== EXERCISE OBJECTIVE ==
All of the entries must be reproduced exactly, with no images carried over.

== RECORDS PROVIDED ==
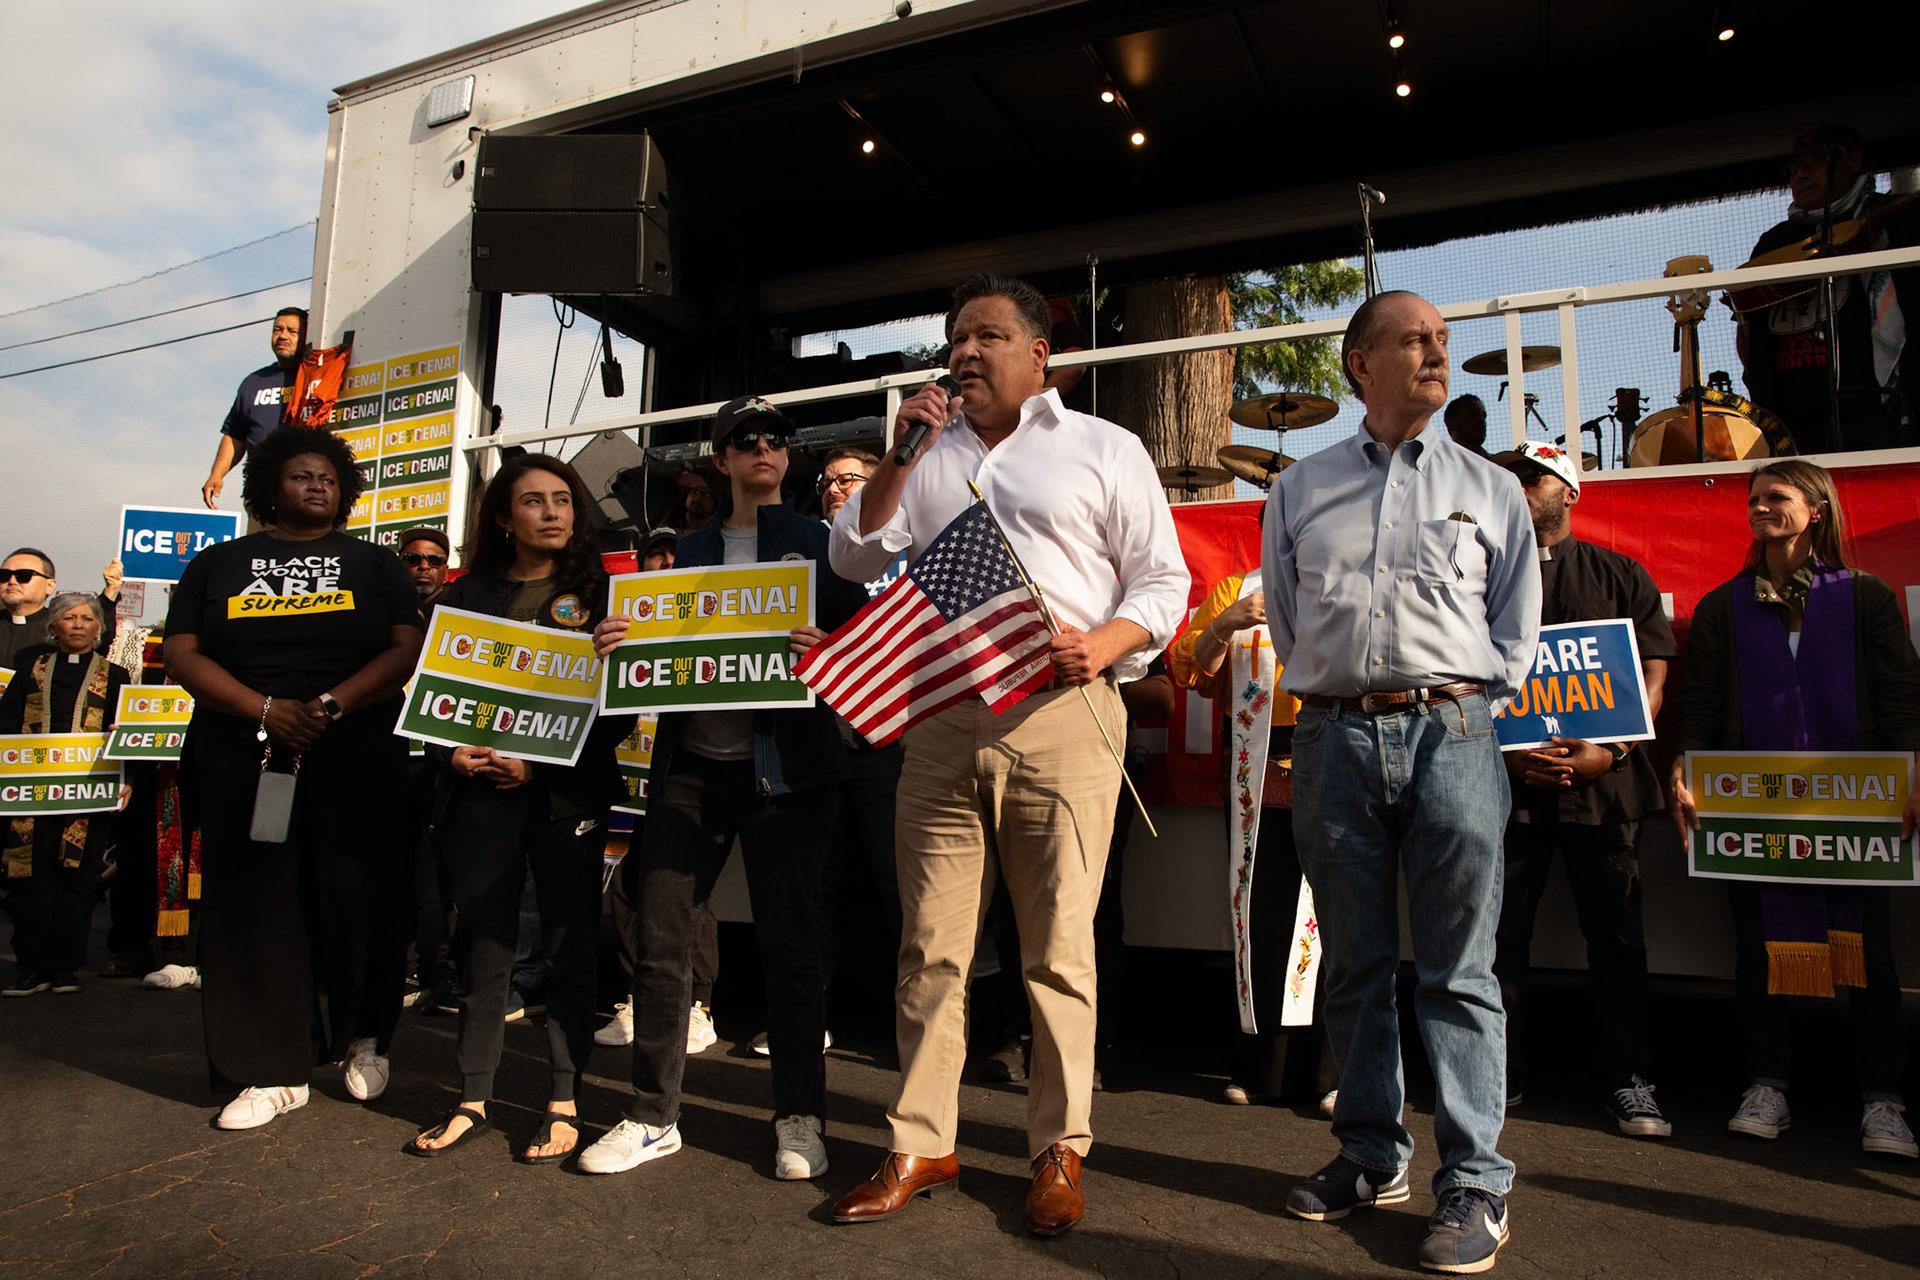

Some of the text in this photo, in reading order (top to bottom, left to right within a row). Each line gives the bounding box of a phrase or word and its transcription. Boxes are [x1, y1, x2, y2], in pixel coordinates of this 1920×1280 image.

[389, 364, 411, 380] ICE
[418, 354, 456, 375] DENA!
[254, 387, 282, 406] ICE
[387, 395, 409, 412] ICE
[416, 386, 454, 407] DENA!
[343, 401, 379, 421] DENA!
[385, 430, 406, 447] ICE
[413, 421, 451, 441] DENA!
[348, 436, 376, 453] ENA!
[382, 462, 404, 479] ICE
[411, 454, 449, 475] DENA!
[380, 497, 401, 514] ICE
[409, 490, 447, 510] DENA!
[124, 529, 173, 554] ICE
[175, 532, 192, 543] OUT
[378, 529, 399, 546] ICE
[177, 543, 188, 555] OF
[251, 556, 341, 570] BLACK
[251, 567, 341, 578] WOMEN
[238, 576, 339, 597] ARE
[240, 593, 346, 611] SUPREME
[622, 585, 798, 623] ICE OUT OF DENA!
[437, 630, 600, 683] ICE OUT OF DENA!
[1535, 636, 1602, 675] ARE
[618, 652, 797, 689] ICE OUT OF DENA!
[127, 698, 161, 713] ICE
[162, 698, 175, 706] OUT
[419, 690, 580, 742] ICE OUT OF DENA!
[118, 732, 155, 748] ICE
[154, 740, 164, 748] OF
[155, 733, 168, 741] OUT
[0, 746, 105, 765] CE OUT OF DENA
[0, 782, 114, 802] CE OUT OF DENA!
[1703, 772, 1897, 801] ICE OUT OF DENA!
[1705, 831, 1900, 863] ICE OUT OF DENA!

== ANSWER BOX ==
Some of the text in this photo, in reading order (top to bottom, left to right within a row). Each line gives the bounding box of a phrase or word and its transcription. Boxes are [x1, y1, x2, y2], in pixel coordinates of this 1920×1280 image.

[389, 364, 411, 380] ICE
[418, 354, 456, 375] DENA!
[254, 387, 282, 406] ICE
[387, 395, 409, 412] ICE
[416, 386, 454, 407] DENA!
[343, 401, 379, 421] DENA!
[385, 430, 406, 447] ICE
[413, 421, 451, 441] DENA!
[348, 436, 376, 453] ENA!
[382, 462, 404, 479] ICE
[411, 454, 449, 475] DENA!
[380, 497, 401, 514] ICE
[409, 490, 447, 510] DENA!
[124, 529, 173, 554] ICE
[175, 532, 192, 543] OUT
[378, 529, 399, 546] ICE
[177, 543, 188, 555] OF
[251, 556, 341, 570] BLACK
[251, 567, 341, 578] WOMEN
[238, 576, 339, 597] ARE
[240, 593, 346, 611] SUPREME
[622, 585, 798, 623] ICE OUT OF DENA!
[437, 630, 600, 683] ICE OUT OF DENA!
[1535, 636, 1602, 675] ARE
[618, 652, 797, 689] ICE OUT OF DENA!
[127, 698, 161, 713] ICE
[162, 698, 175, 706] OUT
[419, 690, 580, 742] ICE OUT OF DENA!
[118, 732, 155, 748] ICE
[154, 740, 164, 748] OF
[155, 733, 168, 741] OUT
[0, 746, 105, 765] CE OUT OF DENA
[0, 782, 114, 802] CE OUT OF DENA!
[1703, 772, 1897, 801] ICE OUT OF DENA!
[1705, 831, 1900, 863] ICE OUT OF DENA!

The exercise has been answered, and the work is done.